Race relations pose comparable paradoxes. Inner-city Chicago has turned into a war zone with over 500 murders so far this year alone. As tragic as occasional police shootings are of African-American suspects, they do not occur at an incidence higher than the percentage of African-Americans who come into contact with law enforcement or who commit violent crimes. Yet when an African-American officer, in a department overseen by an African-American police chief, shoots an uncompliant but armed African-American suspect, a full-scale urban riot ensues, well beyond the ability of police to control.

Comments

  1. Bomag says:

    Likewise, there are few multiracial societies of the past that have avoided descending into destructive ethnic chauvinism and tribalism once assimilation and integration were replaced by salad-bowl identity politics.

    This is the battlefield of today. Martial combat doesn’t settle anything anymore; it’s all about domestic politics.

  2. Lucklucky says:

    Like I have been saying, there are big chances that the next world war will be a world civil war.

  3. Sam J. says:

    Our money supply system is stupid. A child can see it’s stupid. All money is created as debt so to pay off the interest you have to have more money…created with more debt. Simple arithmetic will show you that the interest portion will grow to unsustainable levels as the debt compounds. Maybe this is the reason we are suffering so. Mass interest and debt accumulation. The people in control of the FED and other central bank owners are allowed to create any amount of currency while sticking us with the debt. Nice racket if you can get it. Since money is based on debt if we pay off all the debt…we would have NO MONEY!

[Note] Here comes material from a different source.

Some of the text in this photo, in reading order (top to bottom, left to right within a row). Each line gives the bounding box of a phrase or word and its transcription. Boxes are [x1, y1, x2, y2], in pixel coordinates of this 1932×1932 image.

    There’s another way of thinking about this. If all the goods and services in the economy were backed or shadowed by an equivalent amount of currency we would have a situation were there would be debt but it would be owed to no one in particular. The cash would be a direct substitute for goods and services. Benjamin Franklin wrote about the currency in Pennsylvania that worked like this but based on land. It worked very well and provided prosperity for the whole community. Of course when the Bank of England found out about it the King made them stop causing the whole community to crash into a downward spiral. Possibly being one of the reasons for the revolution.

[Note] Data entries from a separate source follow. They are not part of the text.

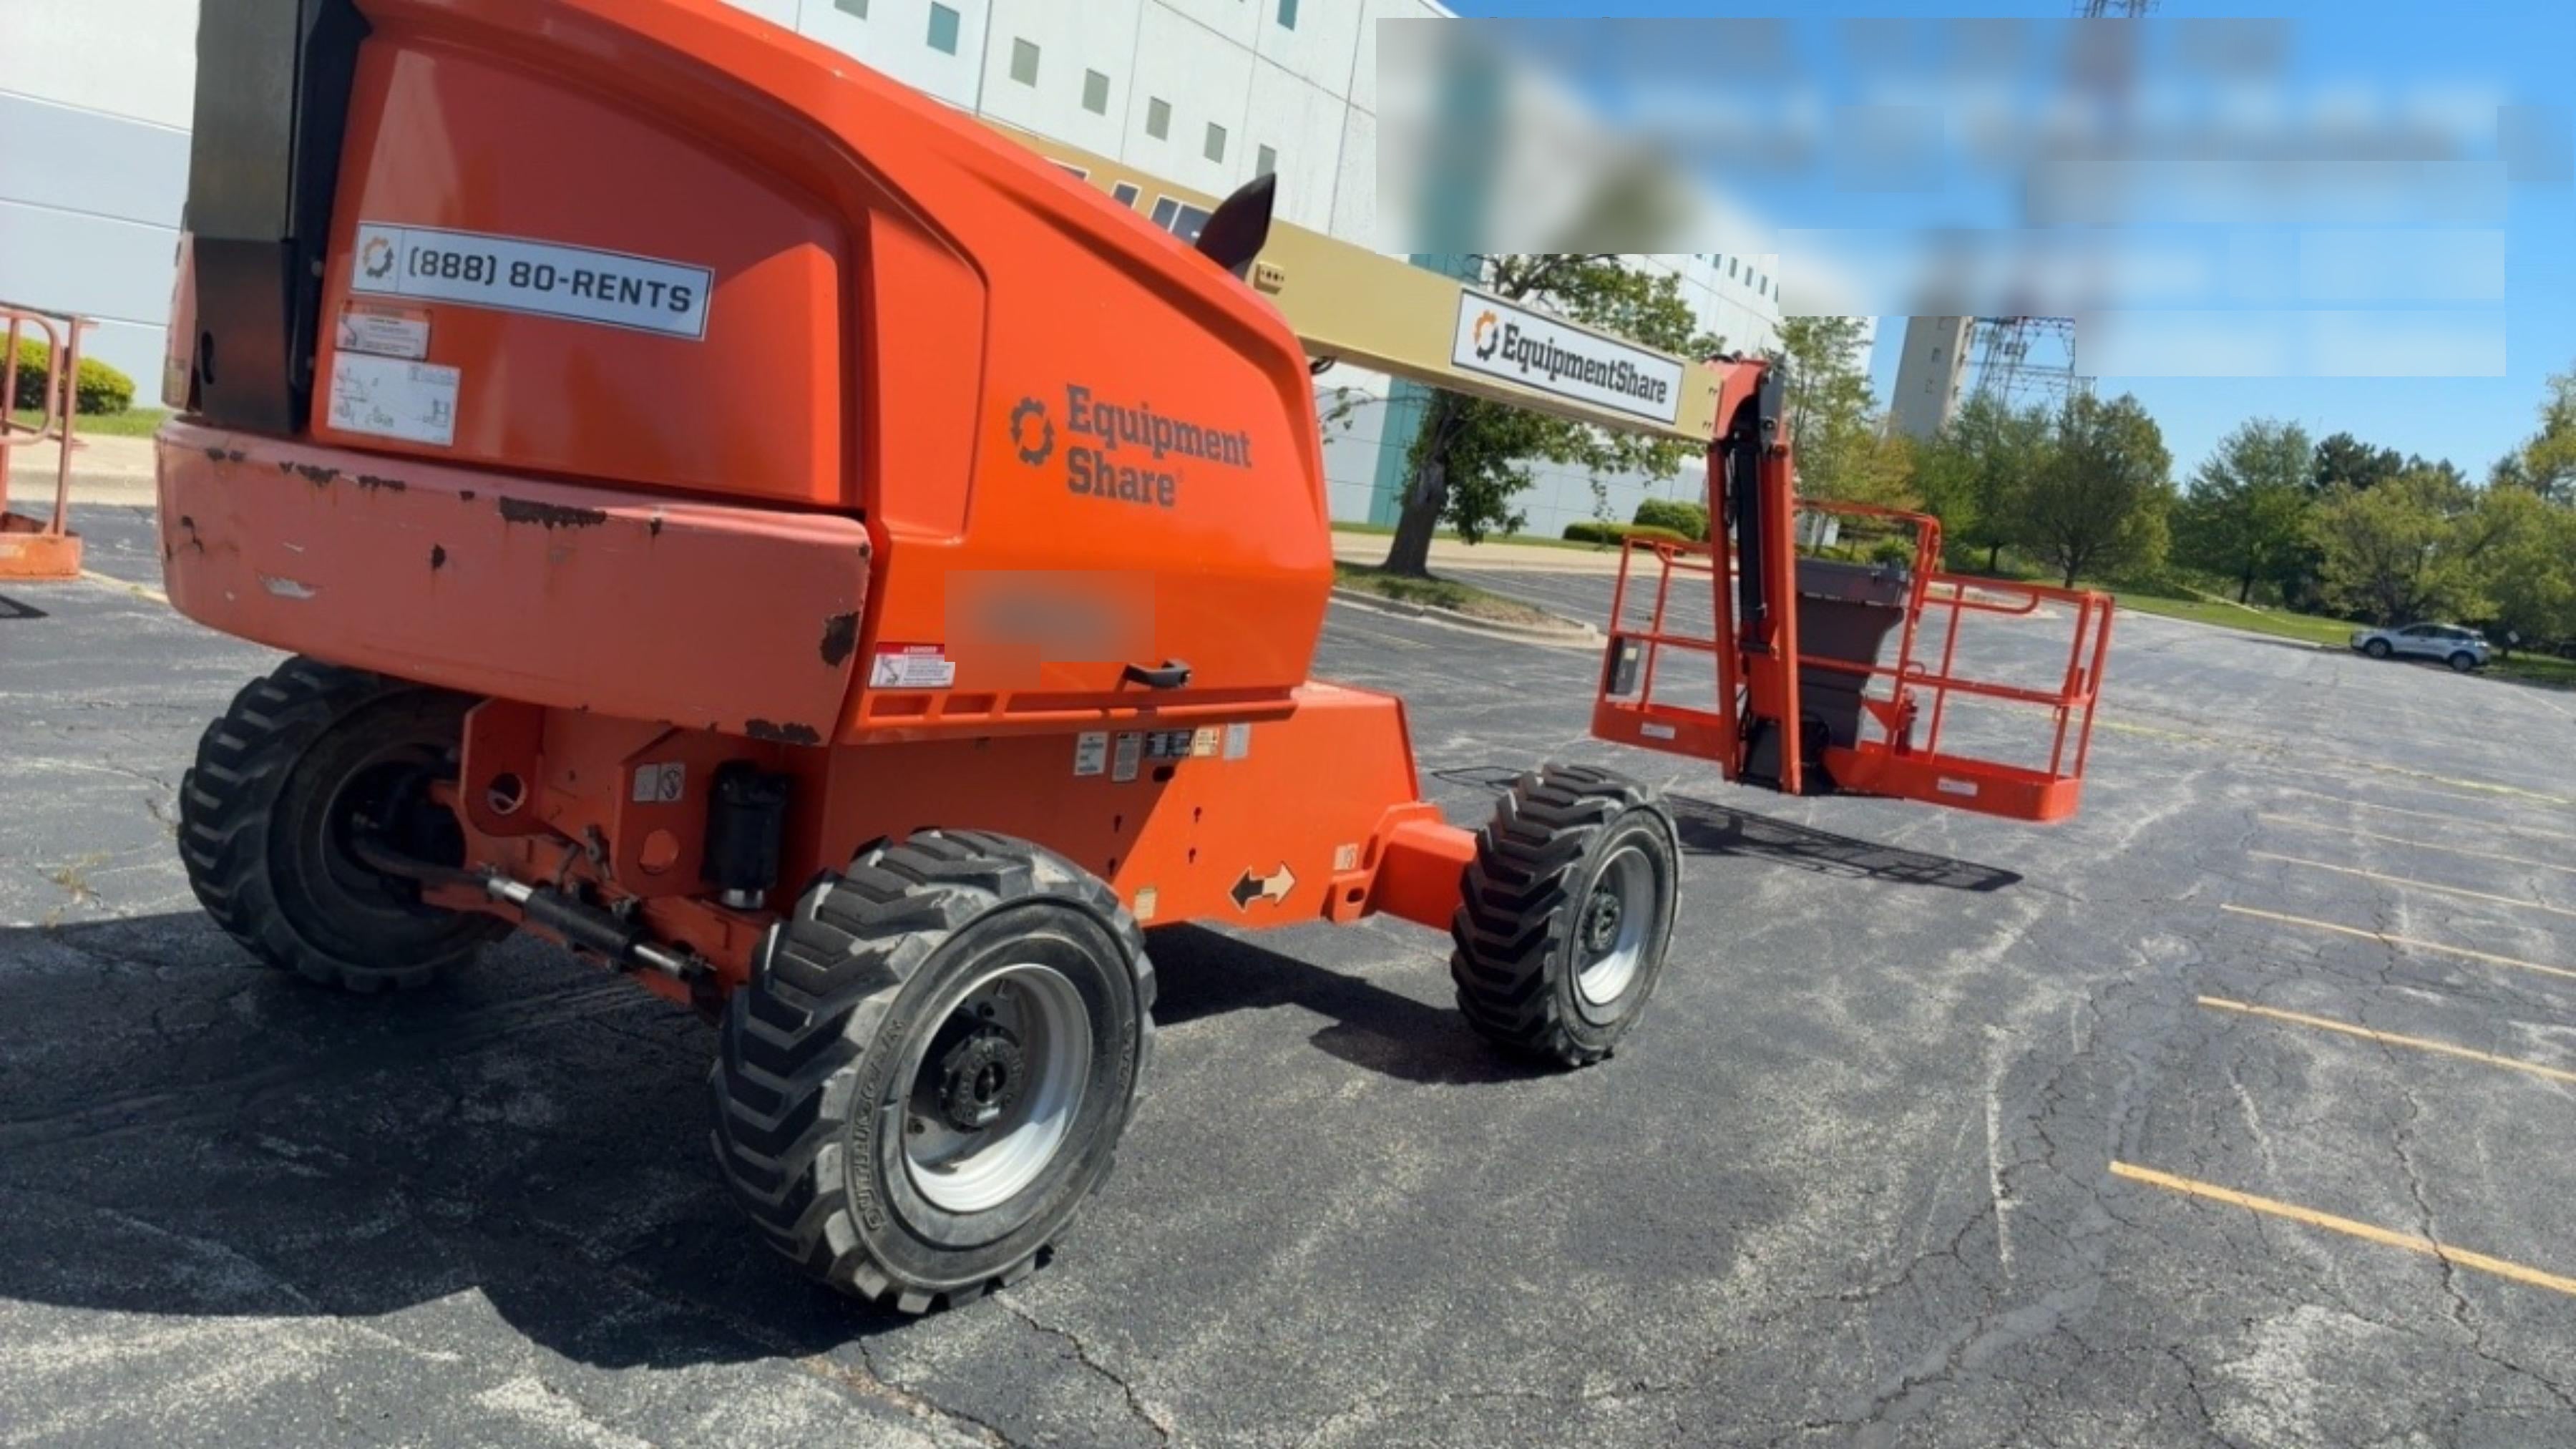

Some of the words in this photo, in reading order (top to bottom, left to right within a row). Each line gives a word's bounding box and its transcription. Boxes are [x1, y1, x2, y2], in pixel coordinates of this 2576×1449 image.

[409, 246, 497, 285] (888)
[508, 260, 692, 313] 80-RENTS
[1501, 323, 1667, 403] EquipmentShare
[1067, 384, 1252, 468] Equipment
[1068, 446, 1175, 507] Share

    http://www.philadelphiafed.org/publications/economic-education/ben-franklin-and-paper-money-economy.pdf

    Since the debt is compounding it can’t be sustained. They’ve already got this figured out. They’re going to Special Drawing Rights SDR’s. There will be a big financial crisis and SDR’s will come in to save the day. It will of course be the same rip off but on a bigger scale. See below. They explain it all.

    http://philosophyofmetrics.com/

    http://redefininggod.com/

    We should go to a money system that’s based on total goods and services. It could be inflationary but not necessarily any more than what we have now. All debt these days (bonds) are essentially monetized or currency anyways. You just borrow money on the value of the bonds. So doing away with bonds would not necessarily cause a cash inflation spiral as the bonds are likely monetized (cash) as it is.